DOI: https://doi.org/10.1007/978-3-031-43996-4_26

SharedIt: https://rdcu.be/dnwO0

Link to the code repository

https://github.com/isogawalab/SingleViewSurgicalVideo

Link to the dataset(s)

N/A


Reviews

Review #1

  • Please describe the contribution of the paper

    The authors propose an automated system to tackle current challenges of video recording setups during open surgery, namely the issues of occlusion, instability during capture, and variations in surgical lighting conditions – an important area to address as data-driven algorithms continue to develop. The system described detects video frames where the lighting system moves, realigns the frames, and selects the camera with the least occlusion to continue recording video. Quantitative results demonstrate improvements in video stability and reduced occlusion versus conventional approaches.

  • Please list the main strengths of the paper; you should write about a novel formulation, an original way to use data, demonstration of clinical feasibility, a novel application, a particularly strong evaluation, or anything else that is a strong aspect of this work. Please provide details, for instance, if a method is novel, explain what aspect is novel and why this is interesting.

    The authors present a novel solution to the automatic generation of stable virtual single-view video with minimal occlusion using a setup with five cameras installed in a surgical light. An algorithm is suggested for detecting the timing of camera movement based on the degree of misalignment between cameras and level of occlusion between frames. A qualitative evaluation was conducted with eleven experienced surgeons viewing the generated auto-aligned video, as well as a quantitative assessment. Surgeons indicated the surgical video caused no discomfort or fatigue and reported ease of viewing key anatomical structures.

  • Please list the main weaknesses of the paper. Please provide details, for instance, if you think a method is not novel, explain why and provide a reference to prior work.

    The algorithms introduced to detect camera movement and movement timing are not new techniques in computer vision (SIFT feature extraction and feature point matching, and planar homography). Simplistic skin detection approach based on absolute image intensity.

  • Please rate the clarity and organization of this paper

    Very Good

  • Please comment on the reproducibility of the paper. Note, that authors have filled out a reproducibility checklist upon submission. Please be aware that authors are not required to meet all criteria on the checklist - for instance, providing code and data is a plus, but not a requirement for acceptance

    No software is presented. Authors include supplementary video showing performance of their approach and details sufficient for software implementation.

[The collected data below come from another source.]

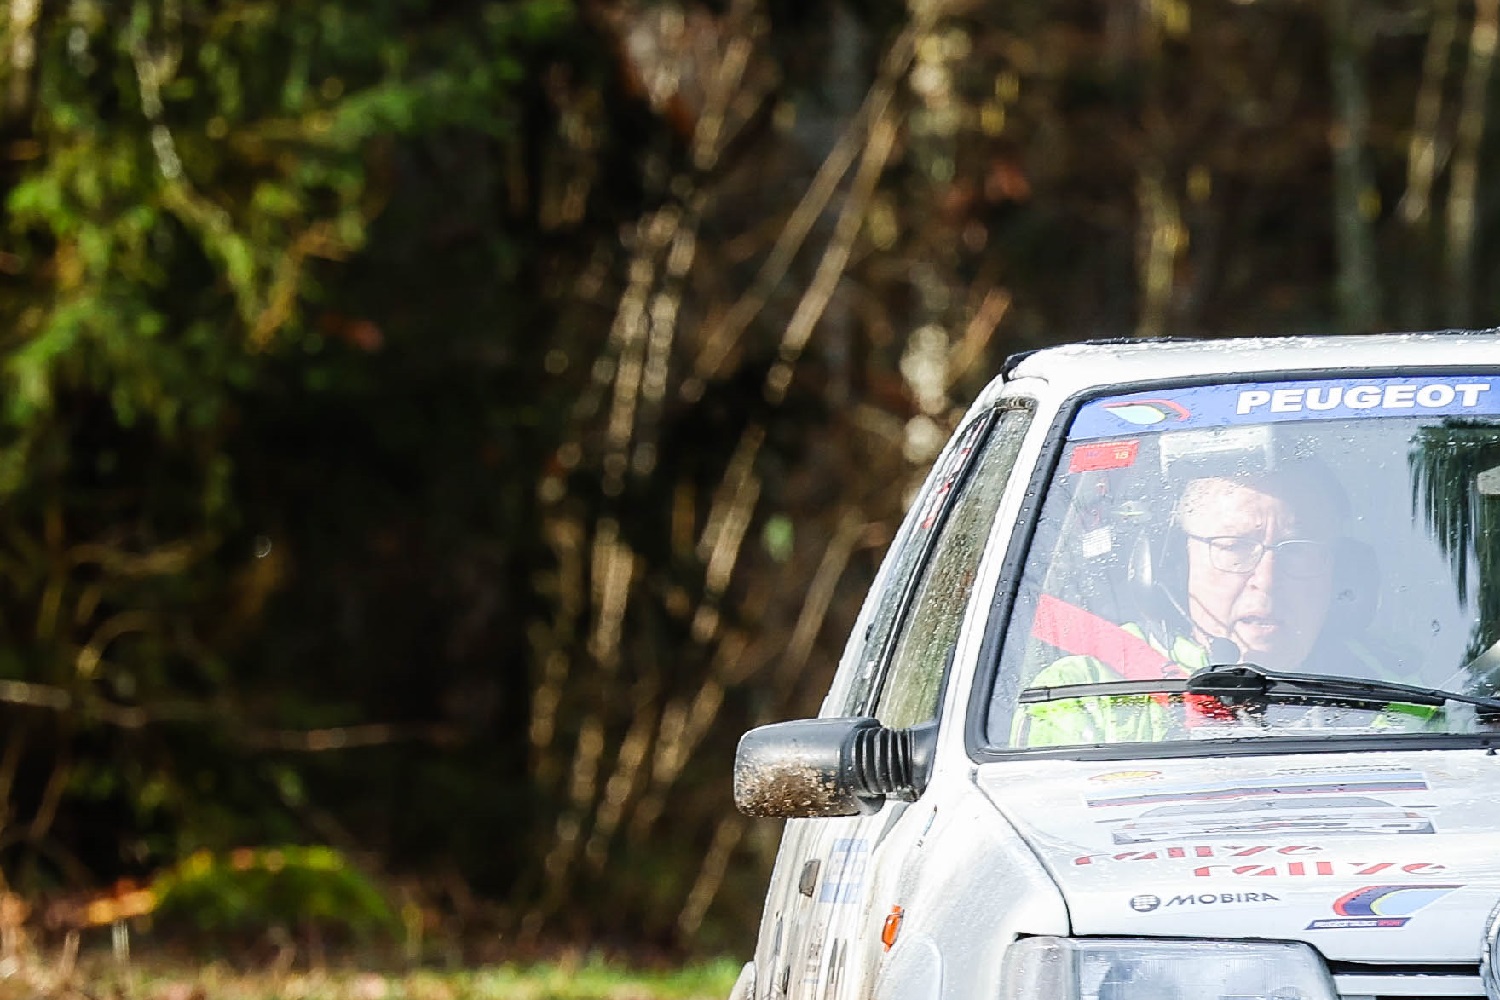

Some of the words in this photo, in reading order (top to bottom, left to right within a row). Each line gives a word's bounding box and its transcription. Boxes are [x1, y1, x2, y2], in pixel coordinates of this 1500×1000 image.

[1237, 382, 1491, 415] PEUGEOT
[1074, 845, 1324, 866] rallye
[1194, 861, 1446, 877] rallye
[1166, 892, 1281, 907] MOBIRA
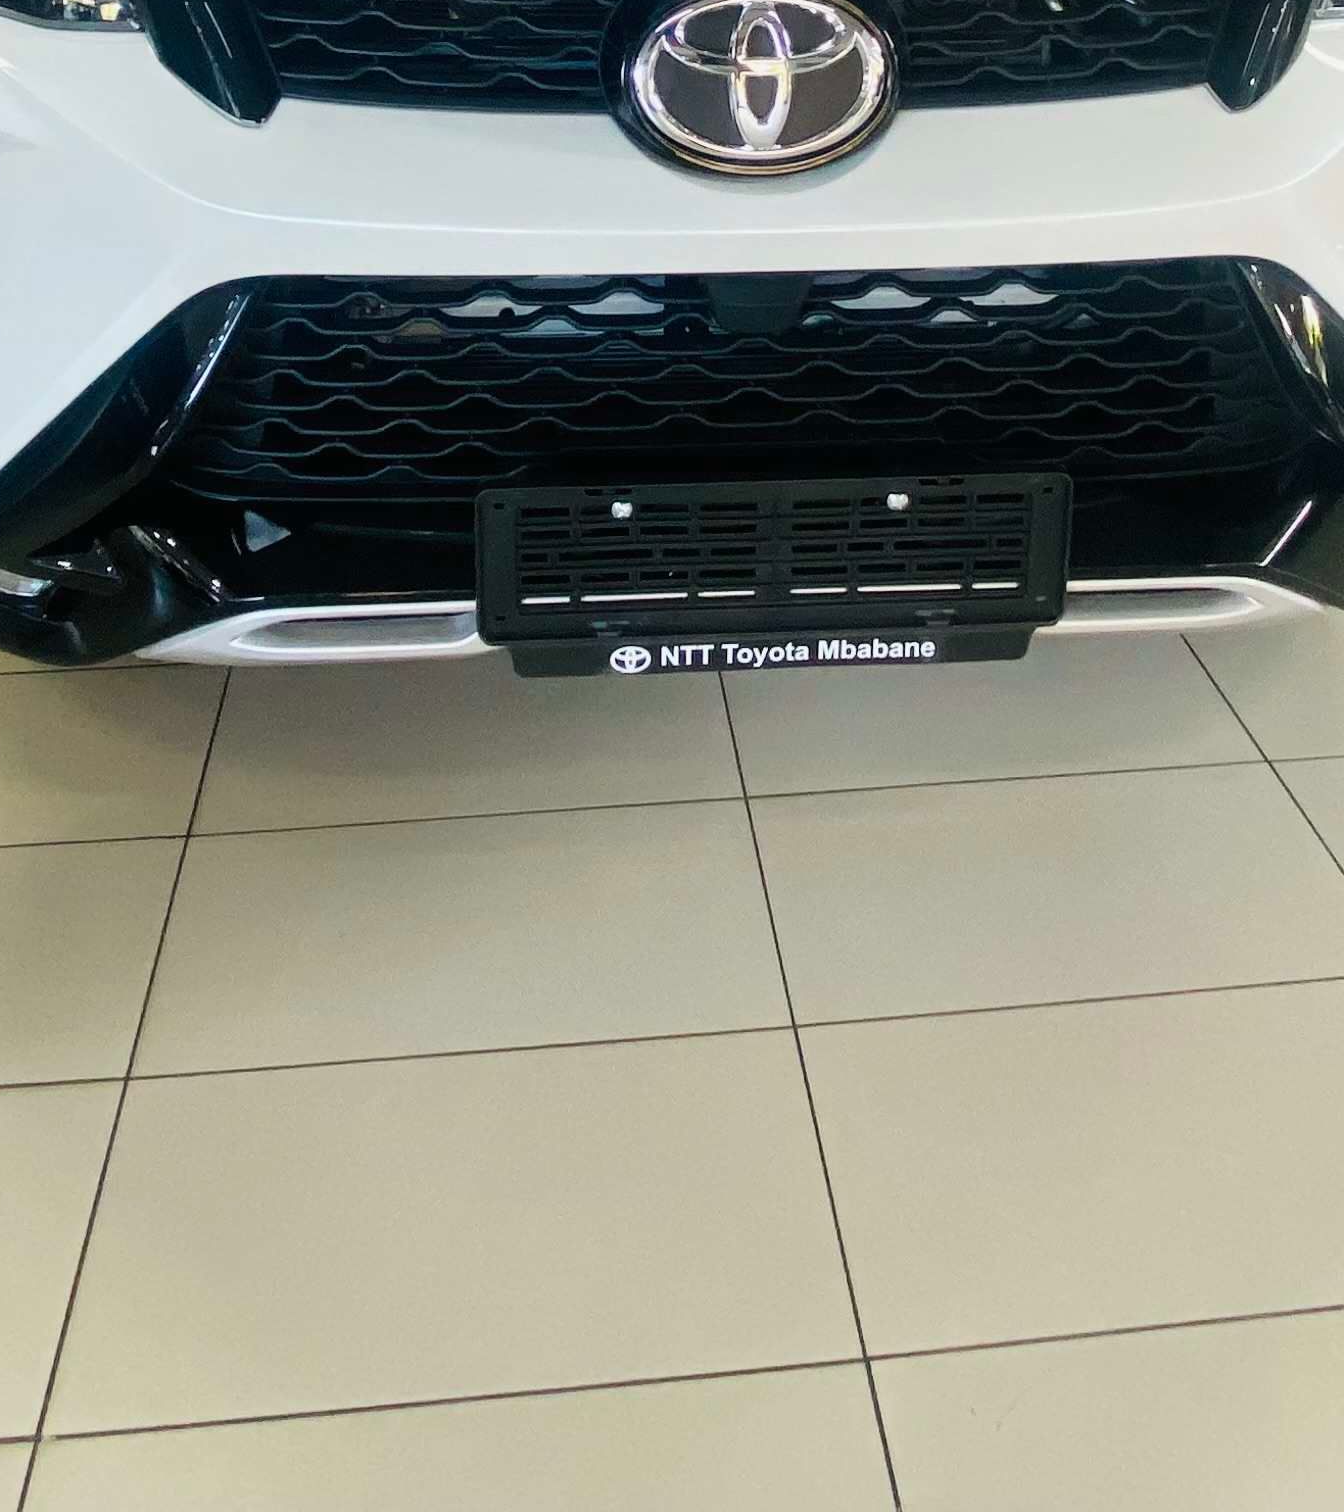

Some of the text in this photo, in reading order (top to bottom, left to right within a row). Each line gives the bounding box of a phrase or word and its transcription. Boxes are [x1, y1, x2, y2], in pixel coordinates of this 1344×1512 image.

[660, 638, 936, 668] NTT Toyota Mbabane

  • Please provide detailed and constructive comments for the authors. Please also refer to our Reviewer’s guide on what makes a good review: https://conferences.miccai.org/2023/en/REVIEWER-GUIDELINES.html

    Does the intensity selection for delineating skin color need to be adapted for each individual patient? All of the scenes presented in the supplementary data appeared to be roughly planar and perpendicular to the camera view pose with minimal camera movement. Please comment on the robustness of this approach to more complex surgical scenes and varied orientations of the overhead surgical lighting during a procedure. By relying solely on skin color based on a value range in the HSV color space, I would expect that blood, smoke, etc. could interrupt the framewise point correspondences of your approach. Please comment on the stability with external noise such as this. Please add information on who performed the manual alignment of video frames which was used as a baseline for comparison.

  • Rate the paper on a scale of 1-8, 8 being the strongest (8-5: accept; 4-1: reject). Spreading the score helps create a distribution for decision-making

    5

  • Please justify your recommendation. What were the major factors that led you to your overall score for this paper?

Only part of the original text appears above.